## [TASK DATA]
++++++++

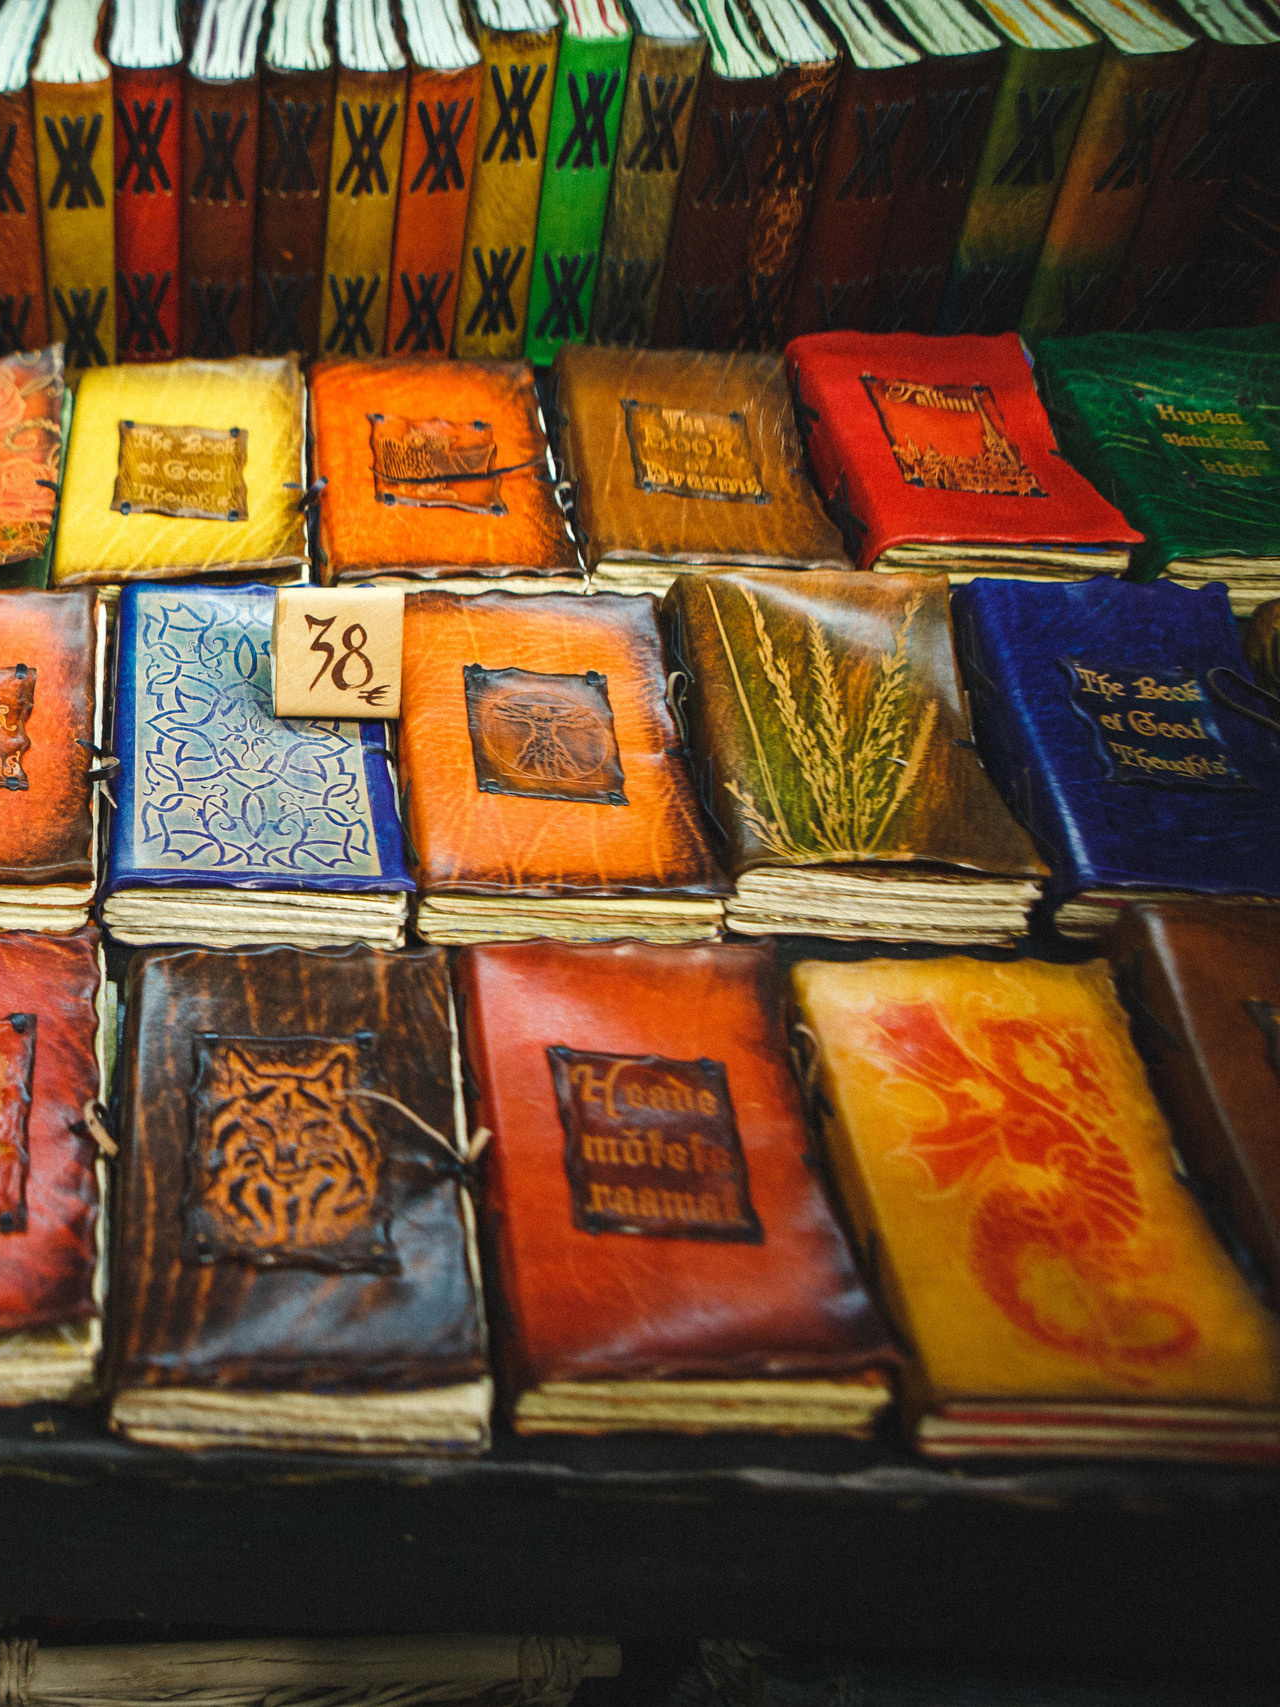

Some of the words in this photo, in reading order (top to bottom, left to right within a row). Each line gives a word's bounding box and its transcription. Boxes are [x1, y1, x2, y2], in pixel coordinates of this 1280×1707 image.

[662, 408, 706, 435] The
[131, 429, 173, 453] The
[181, 433, 236, 454] Book
[642, 426, 745, 464] Book
[138, 462, 159, 476] of
[164, 460, 225, 481] Good
[641, 461, 762, 495] Dreams
[685, 459, 709, 475] of
[1074, 666, 1127, 702] The
[1131, 676, 1203, 702] Book
[1099, 712, 1125, 732] of
[1127, 710, 1208, 739] Good
[1108, 741, 1228, 780] Thoughts

++++++++

## [BRIEF]
Every line above should be returned word for word, with the pictures left behind.

## [OUTPUT FOR THIS EXERCISE]
Some of the words in this photo, in reading order (top to bottom, left to right within a row). Each line gives a word's bounding box and its transcription. Boxes are [x1, y1, x2, y2], in pixel coordinates of this 1280×1707 image.

[662, 408, 706, 435] The
[131, 429, 173, 453] The
[181, 433, 236, 454] Book
[642, 426, 745, 464] Book
[138, 462, 159, 476] of
[164, 460, 225, 481] Good
[641, 461, 762, 495] Dreams
[685, 459, 709, 475] of
[1074, 666, 1127, 702] The
[1131, 676, 1203, 702] Book
[1099, 712, 1125, 732] of
[1127, 710, 1208, 739] Good
[1108, 741, 1228, 780] Thoughts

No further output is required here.